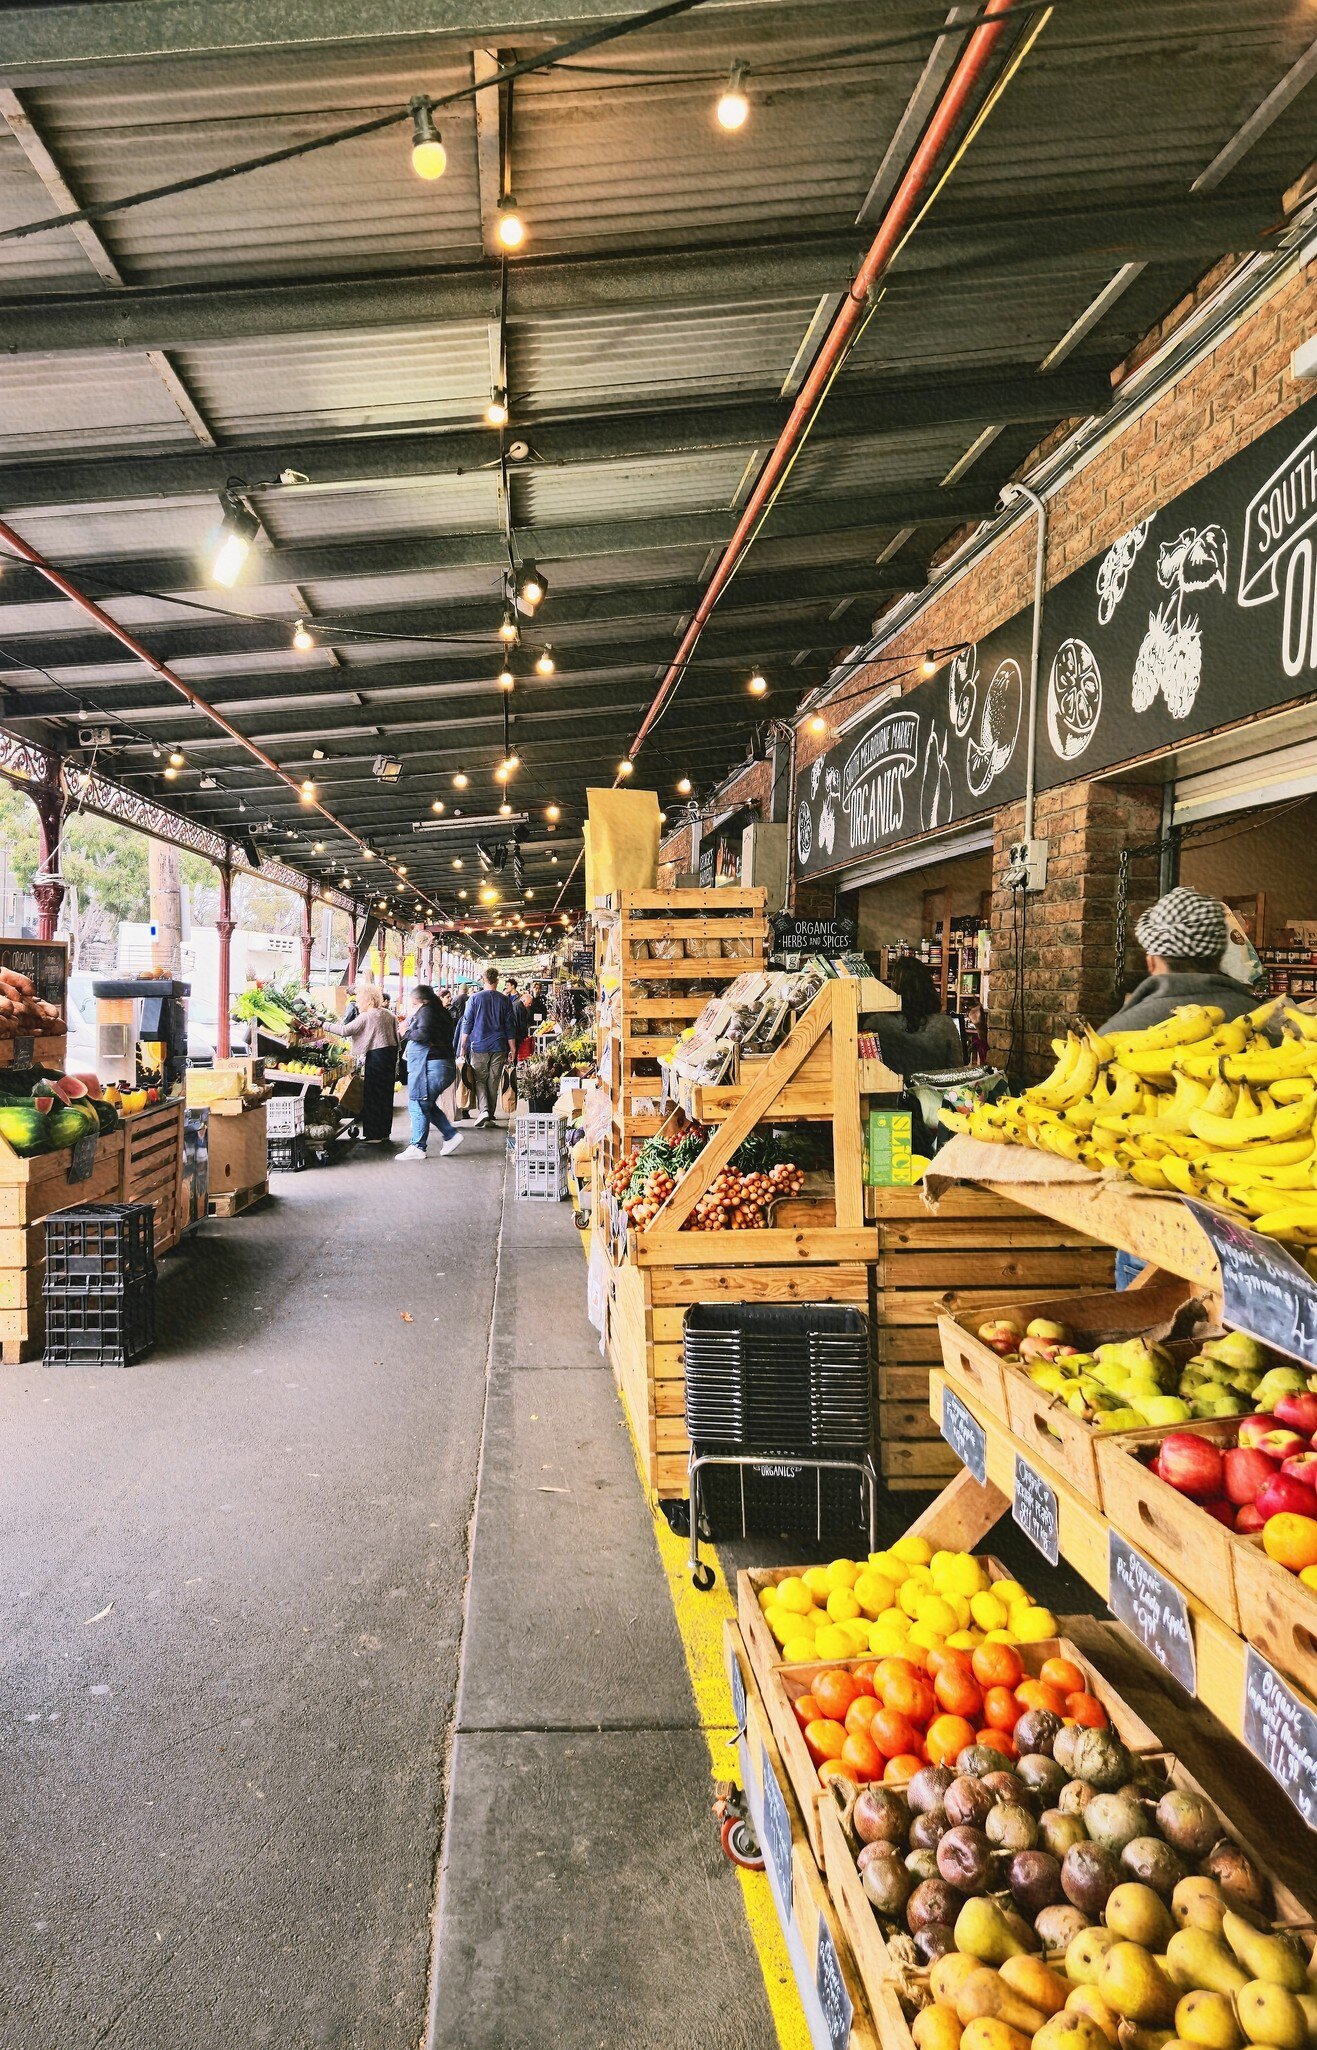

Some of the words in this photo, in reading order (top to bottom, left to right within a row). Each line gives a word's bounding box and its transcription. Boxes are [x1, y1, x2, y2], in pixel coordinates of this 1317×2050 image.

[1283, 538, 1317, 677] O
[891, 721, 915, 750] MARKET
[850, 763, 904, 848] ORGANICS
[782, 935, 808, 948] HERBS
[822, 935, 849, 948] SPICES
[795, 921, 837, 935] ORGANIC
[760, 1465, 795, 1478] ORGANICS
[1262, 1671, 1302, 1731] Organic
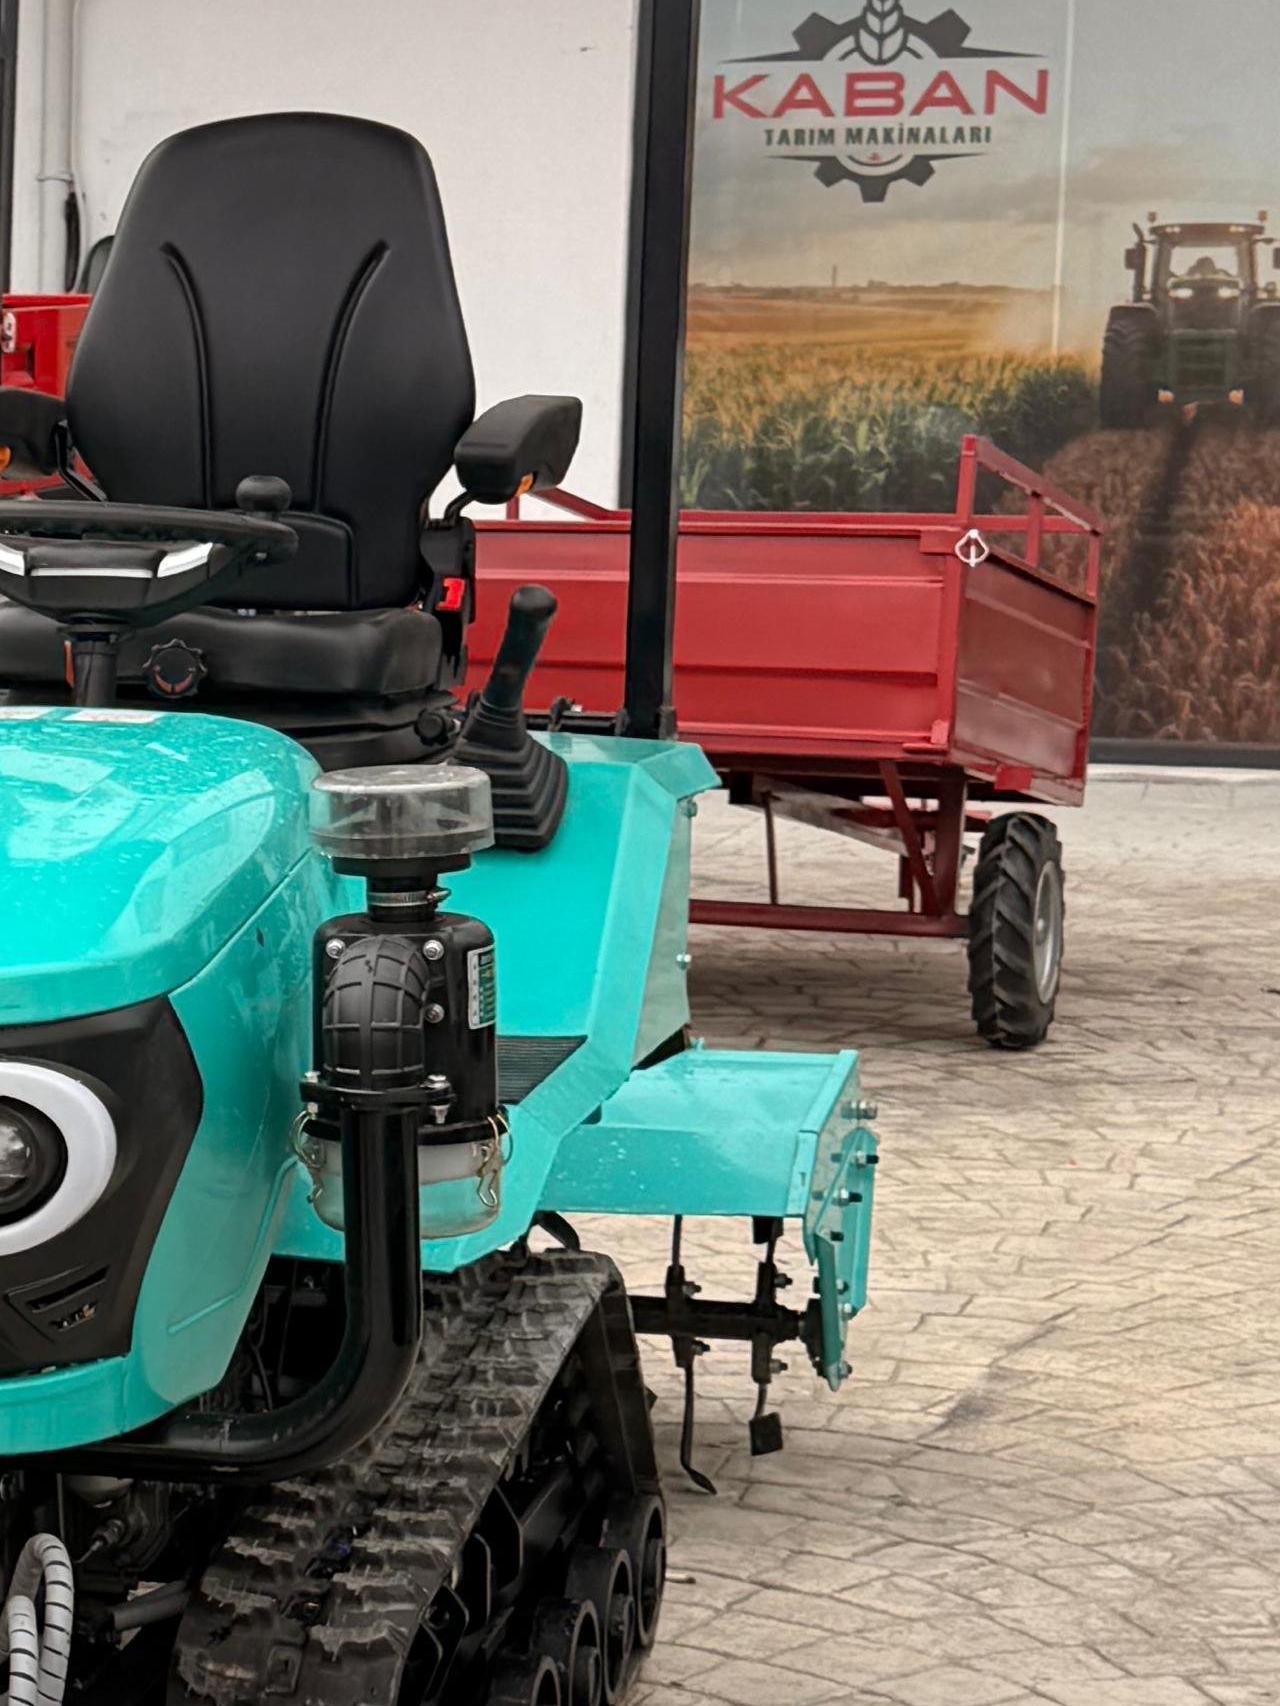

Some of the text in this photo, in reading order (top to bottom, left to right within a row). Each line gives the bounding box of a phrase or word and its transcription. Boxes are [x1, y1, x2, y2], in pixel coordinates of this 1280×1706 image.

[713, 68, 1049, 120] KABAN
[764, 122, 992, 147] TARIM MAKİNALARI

* _WHAT IS REQUIRED_
An exact copy of every entry, without pictures, should be your output.

* _OUTPUT OF THE TASK_
Some of the words in this photo, in reading order (top to bottom, left to right within a row). Each line gives a word's bounding box and its transcription. Boxes are [x1, y1, x2, y2], in pixel coordinates of this 1317×2050 image.

[1283, 538, 1317, 677] O
[891, 721, 915, 750] MARKET
[850, 763, 904, 848] ORGANICS
[782, 935, 808, 948] HERBS
[822, 935, 849, 948] SPICES
[795, 921, 837, 935] ORGANIC
[760, 1465, 795, 1478] ORGANICS
[1262, 1671, 1302, 1731] Organic

Some of the text in this photo, in reading order (top to bottom, left to right within a row). Each line gives the bounding box of a phrase or word and its transcription. Boxes are [x1, y1, x2, y2], in pixel coordinates of this 1280×1706 image.

[713, 68, 1049, 120] KABAN
[764, 122, 992, 147] TARIM MAKİNALARI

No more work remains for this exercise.